▶ **What is needed**
From the records below, extract only the lines running from the line with "this 1280×1280 image." to the line with "Some of the text", both lines included, reproducing them exactly.

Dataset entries
=-=-=-=-=
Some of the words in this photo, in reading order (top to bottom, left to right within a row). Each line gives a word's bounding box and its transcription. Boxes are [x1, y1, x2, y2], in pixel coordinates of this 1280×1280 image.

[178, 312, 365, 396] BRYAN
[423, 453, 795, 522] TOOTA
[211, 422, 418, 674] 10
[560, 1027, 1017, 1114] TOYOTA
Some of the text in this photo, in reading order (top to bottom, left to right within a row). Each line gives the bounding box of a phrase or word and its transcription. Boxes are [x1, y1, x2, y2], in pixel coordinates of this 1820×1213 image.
=-=-=-=-=
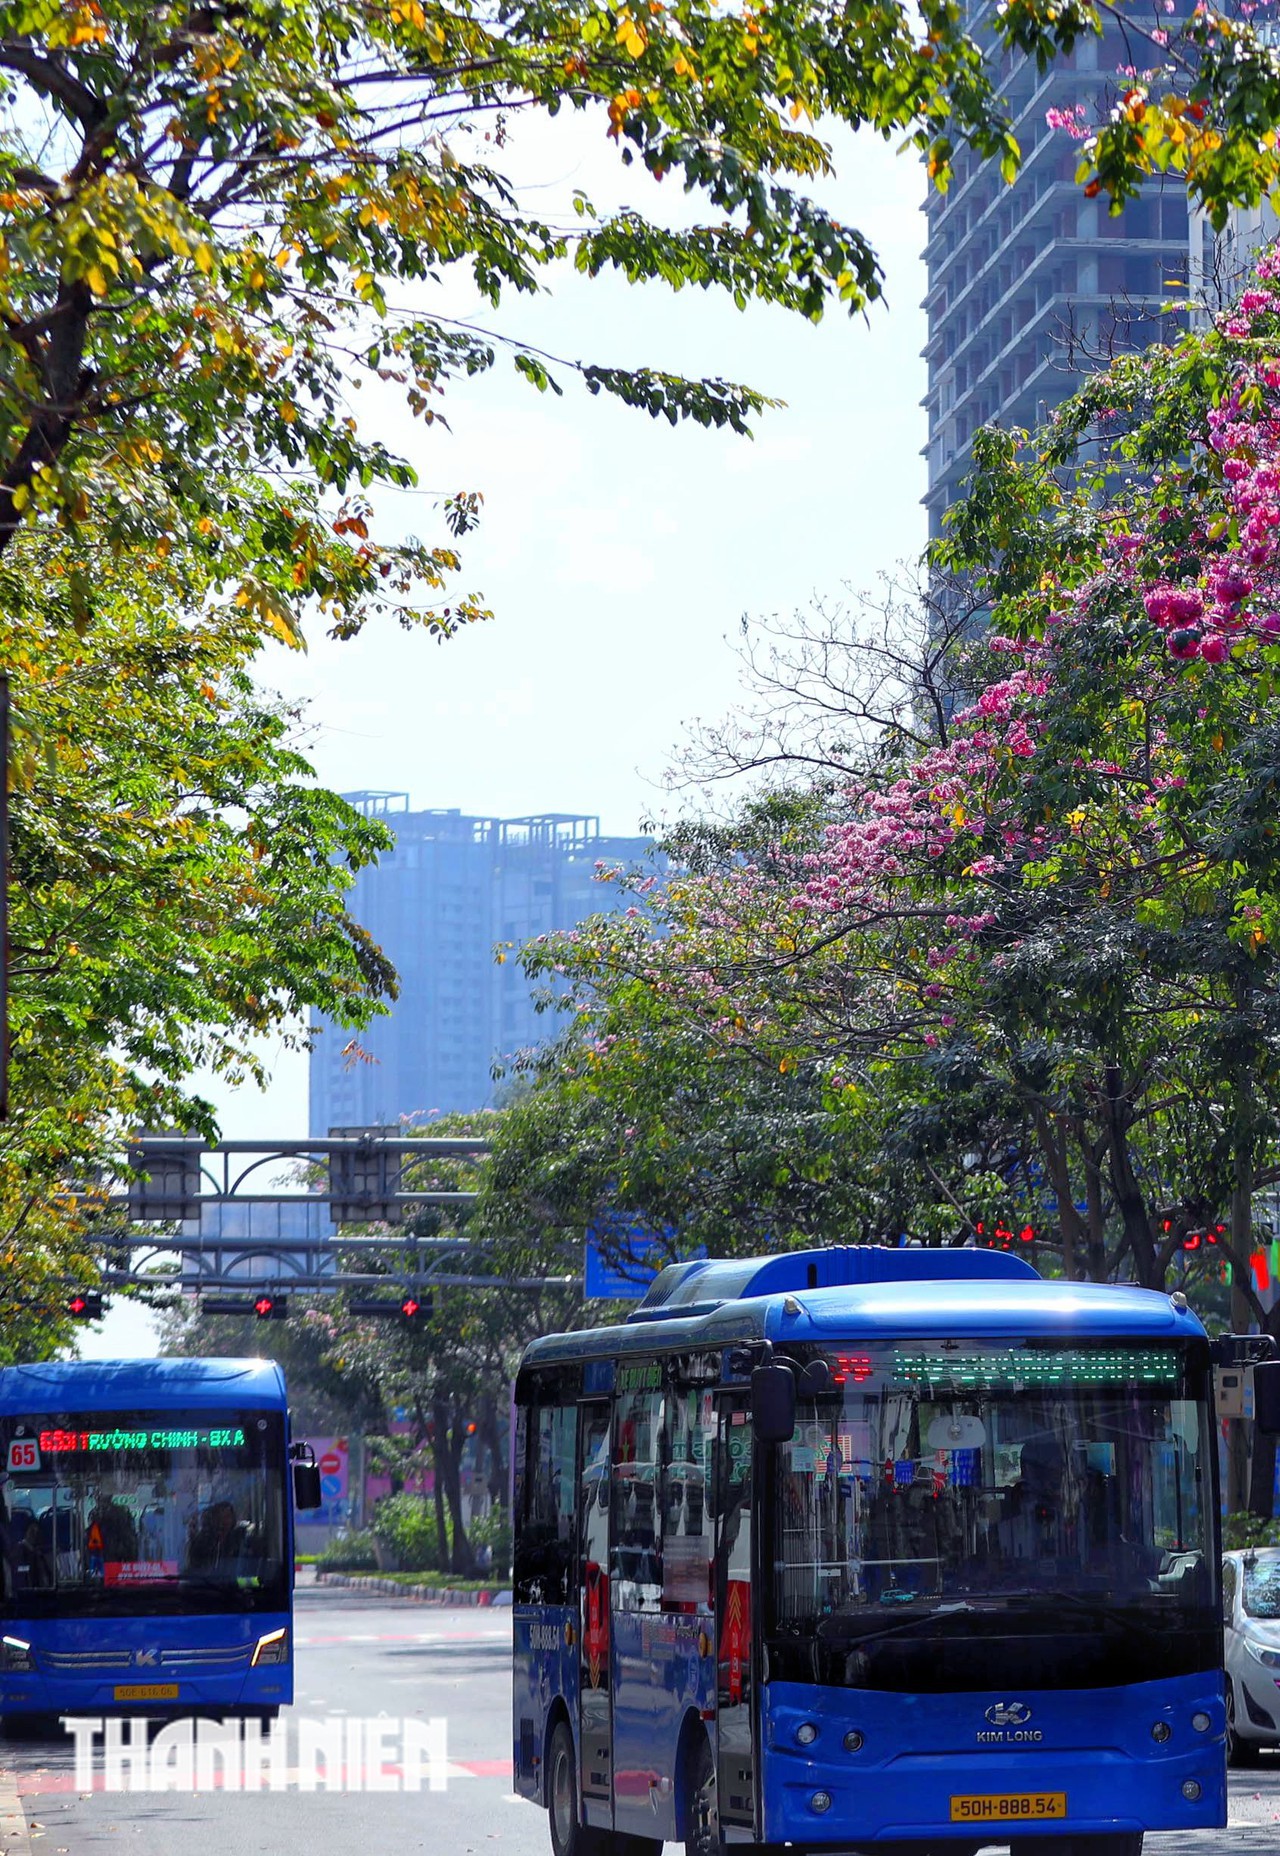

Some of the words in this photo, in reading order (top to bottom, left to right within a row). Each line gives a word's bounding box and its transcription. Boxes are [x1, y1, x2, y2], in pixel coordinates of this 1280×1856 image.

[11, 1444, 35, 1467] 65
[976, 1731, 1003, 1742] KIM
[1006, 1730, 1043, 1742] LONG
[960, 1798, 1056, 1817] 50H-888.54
=-=-=-=-=
▶ **Reply to the exercise**
Some of the words in this photo, in reading order (top to bottom, left to right within a row). Each line gives a word's bounding box and its transcription. Boxes are [x1, y1, x2, y2], in pixel coordinates of this 1280×1280 image.

[178, 312, 365, 396] BRYAN
[423, 453, 795, 522] TOOTA
[211, 422, 418, 674] 10
[560, 1027, 1017, 1114] TOYOTA
Some of the text in this photo, in reading order (top to bottom, left to right within a row). Each line gives the bounding box of a phrase or word and its transcription. Boxes are [x1, y1, x2, y2], in pixel coordinates of this 1820×1213 image.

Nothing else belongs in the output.